Nutritionist Kavita Devgan Gives Away Her Ultimate Four-Week Detox Plan

Here’s a seven-step, four-week detox plan that will help cleanse your body of all the holiday excesses. By Kavita Devgan

The first step to achieving a healthier self is to get rid of all the junk that has gone into your body over the last two to three months. And, to do that, you need to go the detox way.


The body has its own natural healing system that gets rid of chemicals it doesn’t want. But, sometimes, when there’s an overload, these toxins get deposited in the lymph and digestive systems. Detoxification enhances the functioning of these systems, enabling them to tackle waste better and absorb nutrients more efficiently. In effect, it’s like giving your system a thorough spring cleaning. A mild detoxification regime tunes up your body and cleanses the internal systems to remove toxins.

Detox doesn’t mean a punishing diet. The main aim of the process is to help the body get rid of unnecessary toxins that may have accumulated because of daily excesses in food and drink, and other lifestyle abuses. The good thing is that you can do a detox at home without subscribing to a fad diet. All you have to do is make small changes in your diet and lifestyle to feel, and see the difference.

Fasting or drastically cutting down on your intake of food is not the correct way to detox. Similarly, short-term detox diets do not help much. What really works is adopting healthy eating and lifestyle practices in the long run. Adding antioxidants to your diet, keeping a tab on the amount of fat you consume, cutting down on unnecessary stimulants such as caffeine, decreasing your intake of non-vegetarian food, and hydrating your body regularly are some of the things to keep in mind when undertaking a detox.

Here’s a seven-step, four-week detox plan to help you clean up your system now:


To start with, increase your body’s intake of antioxidants; these include vitamins E and C, beta carotene, and some trace minerals, such as selenium. These help the body get rid of free radicals that make you feel unhealthy and fatigued, and lead to heart problems in the long run. While antioxidant supplements are available, it’s best to ingest them naturally through the food you consume. So, follow meal plans that ensure you get enough.


All the fat you consume is processed by the liver. This process takes energy away from the regular detoxification that the liver does for the body. Several toxins are fat soluble, and liver’s job is to transform them into water-soluble substances, so that they can be excreted via the bowel or kidneys (the bowel and kidneys cannot process fat-soluble toxins). So, when you binge on fried food, your liver is unable to handle the load. The best way to ease the burden on the liver is to switch to a low-fat diet. Just strike the word ‘fried’ off your food dictionary for some time.

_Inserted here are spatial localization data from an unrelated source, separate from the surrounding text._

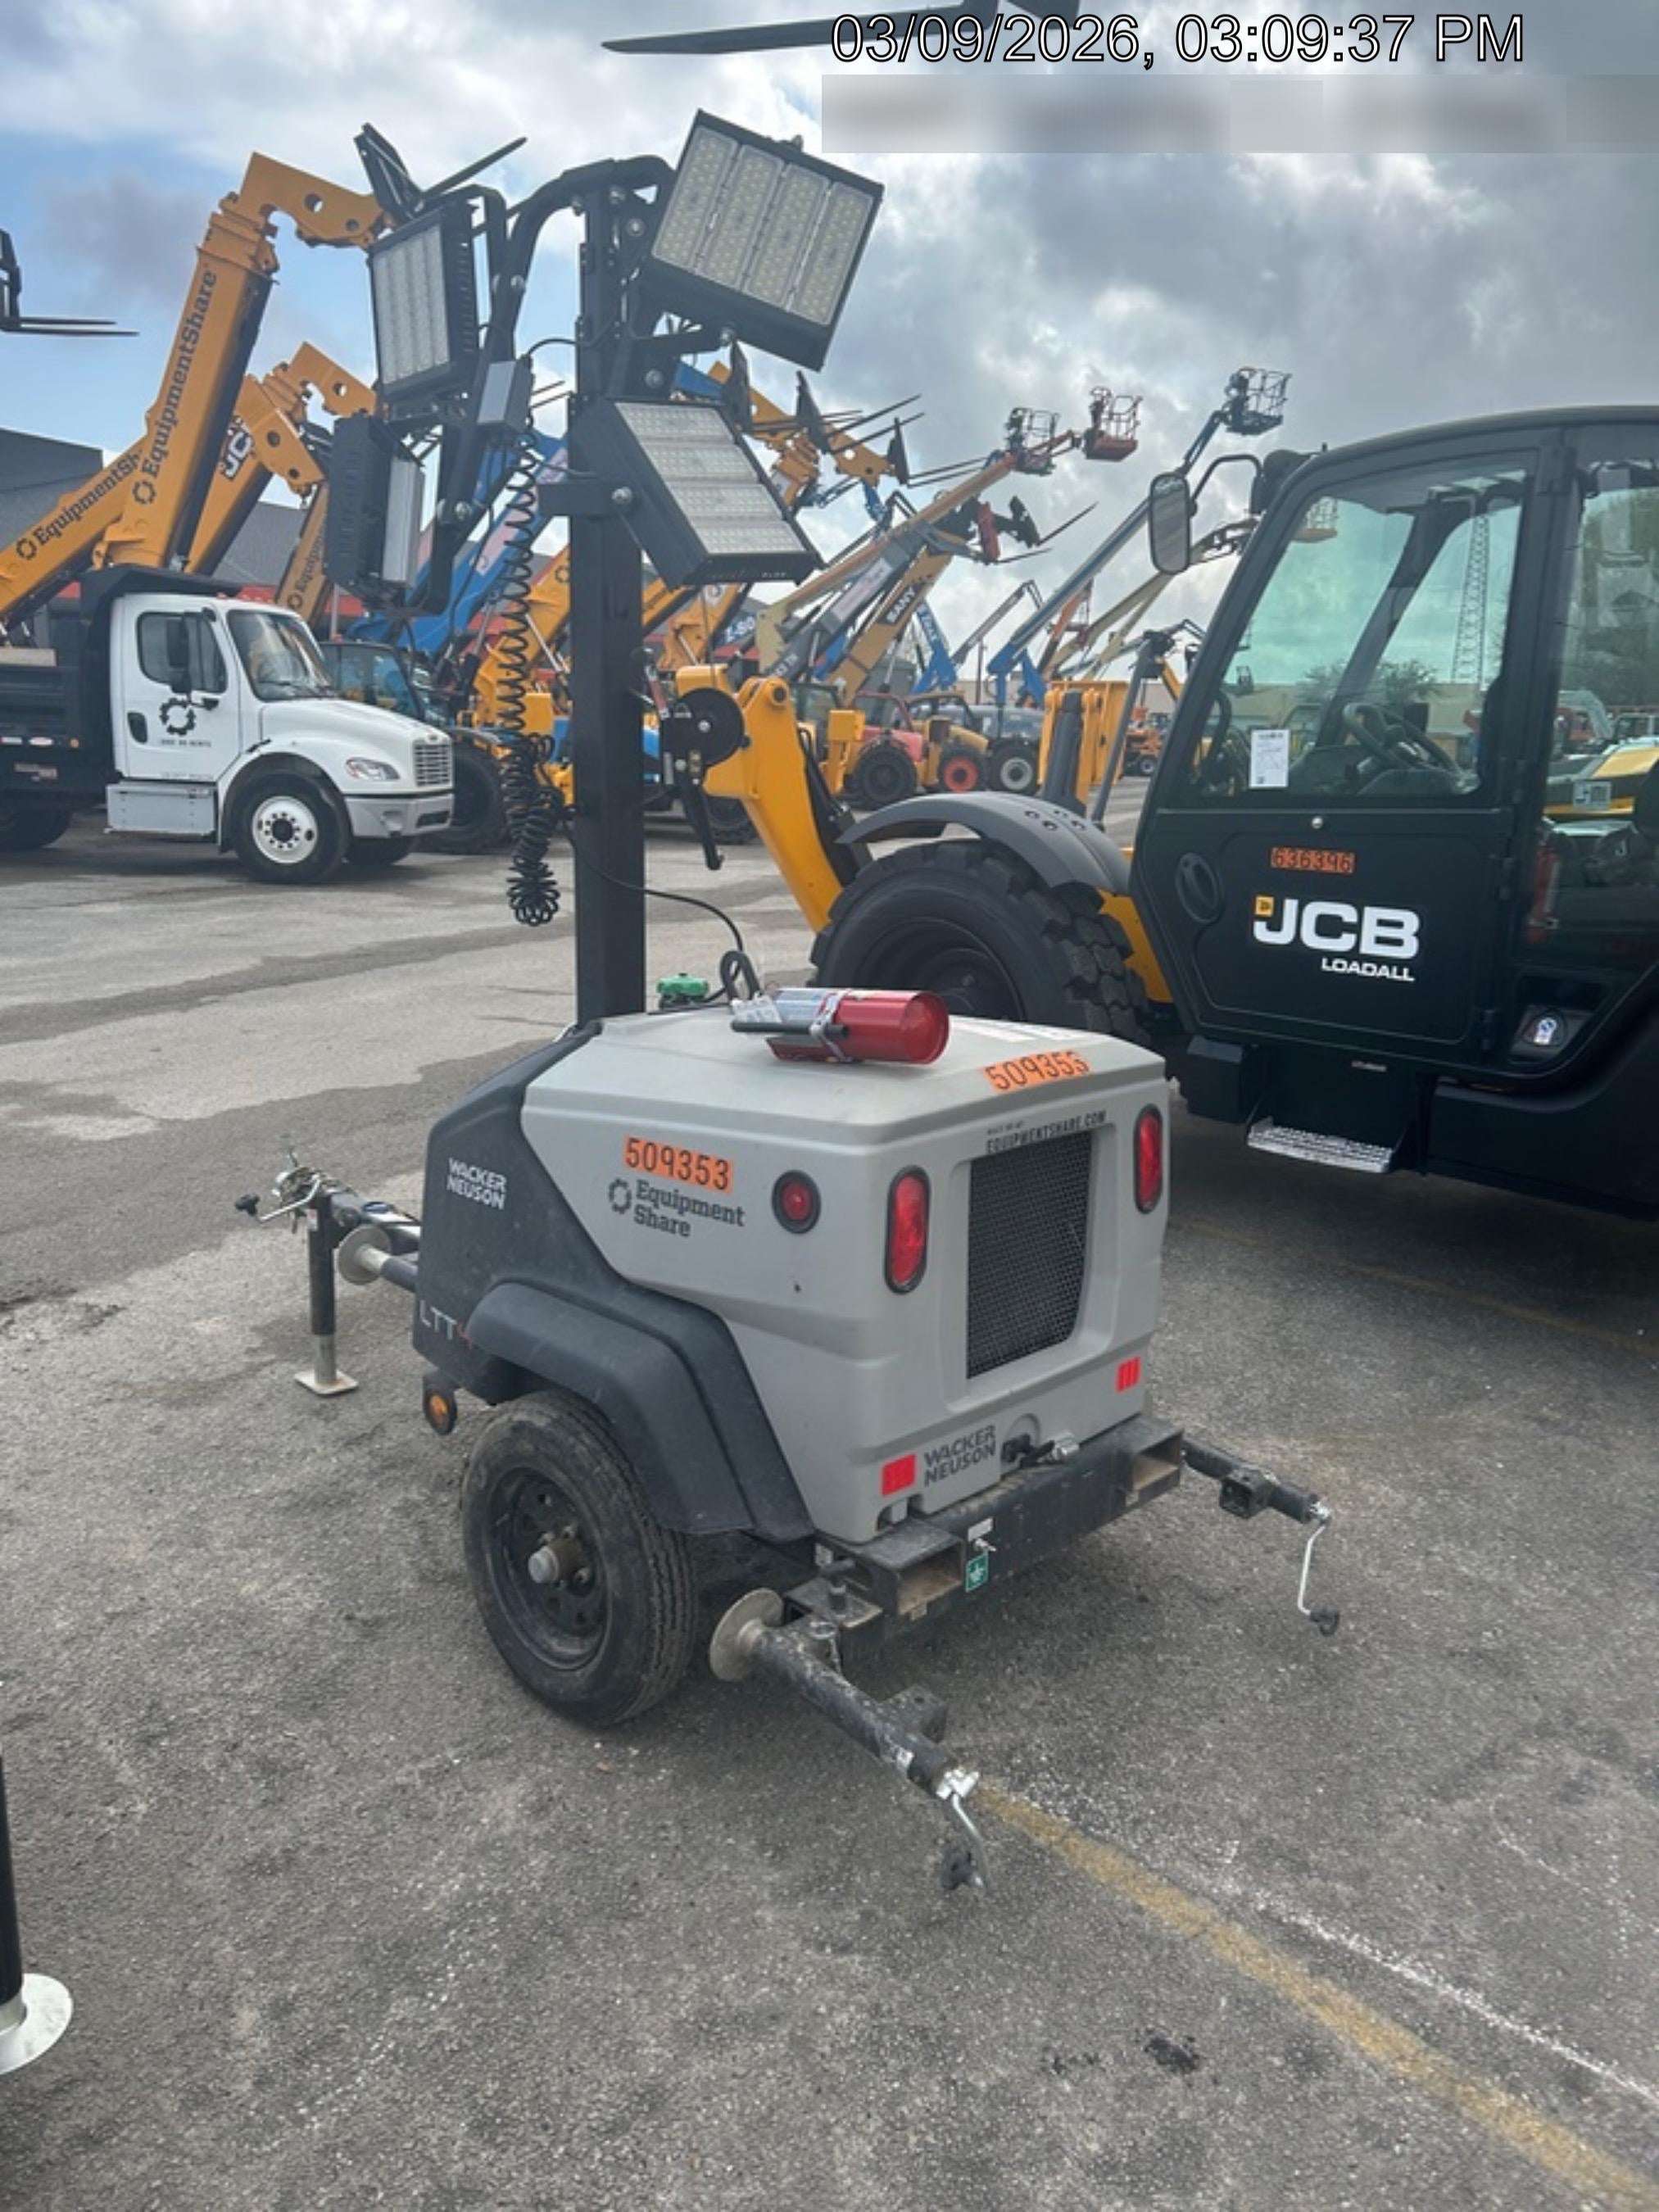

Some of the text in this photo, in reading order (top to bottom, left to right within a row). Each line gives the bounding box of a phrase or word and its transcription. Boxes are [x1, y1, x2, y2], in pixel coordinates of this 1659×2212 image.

[143, 270, 216, 478] EquipmentShare
[886, 586, 916, 623] SANY
[1273, 848, 1352, 872] 636396
[1253, 896, 1420, 959] JCB
[1321, 957, 1416, 981] LOADALL
[986, 1109, 1107, 1154] EQUIPMENTSHARE.COM
[448, 1157, 507, 1193] WACKER
[625, 1136, 729, 1190] 509353
[446, 1174, 505, 1210] NEUSON
[636, 1179, 745, 1227] Equipment
[633, 1204, 691, 1237] Share
[923, 1425, 996, 1468] WACKER
[923, 1444, 996, 1488] NEUSON

Meat requires several enzymes to digest, so its elimination from your diet enhances the detoxification process. It is very easy to go on a protein overdrive when you follow a primarily non-vegetarian diet. Agreed that meat, fish, and eggs are good proteins and required for the growth of the body. But, if your protein intake is more than 30 per cent of your daily caloric intake, it can result in a build-up of toxic ketones in the body, the symptoms of which are weakness and dizziness. And, in the long term, this may put a strain on your kidneys and liver.


Cut down on your consumption of tea and coffee. You need to give your liver a rest from breaking down caffeine. But taper off gradually to avoid the extremely uncomfortable withdrawal symptoms that include splitting headaches. And if you want to multiply the benefits, switch to green tea because it contains only a fraction of the caffeine in black tea and coffee, and is loaded with antioxidants, which make it an efficient detoxifier.


Drink at least seven–10 medium-sized glasses of water a day. Water is not only essential for every bodily function, it is also an amazing detoxifier. It helps dilute toxins and waste products, and eases their drainage from the body. It regulates and maintains the body temperature, and also helps clear out excessive fat from the bloodstream. If you’re tired of drinking just water, try this: boil some cumin, coriander, and fennel in water, and drink regularly; it’s great for your digestion.


It is inevitable that you will have little or no control over your sugar consumption while on vacation. And you know that it’s terrible for you—not only because it’s empty calories, but also because it suppresses your immune system and makes you susceptible to colds and the flu. Stop eating desserts. To satiate your sweet tooth, eat fresh fruits; they contain natural sugars and several essential nutrients.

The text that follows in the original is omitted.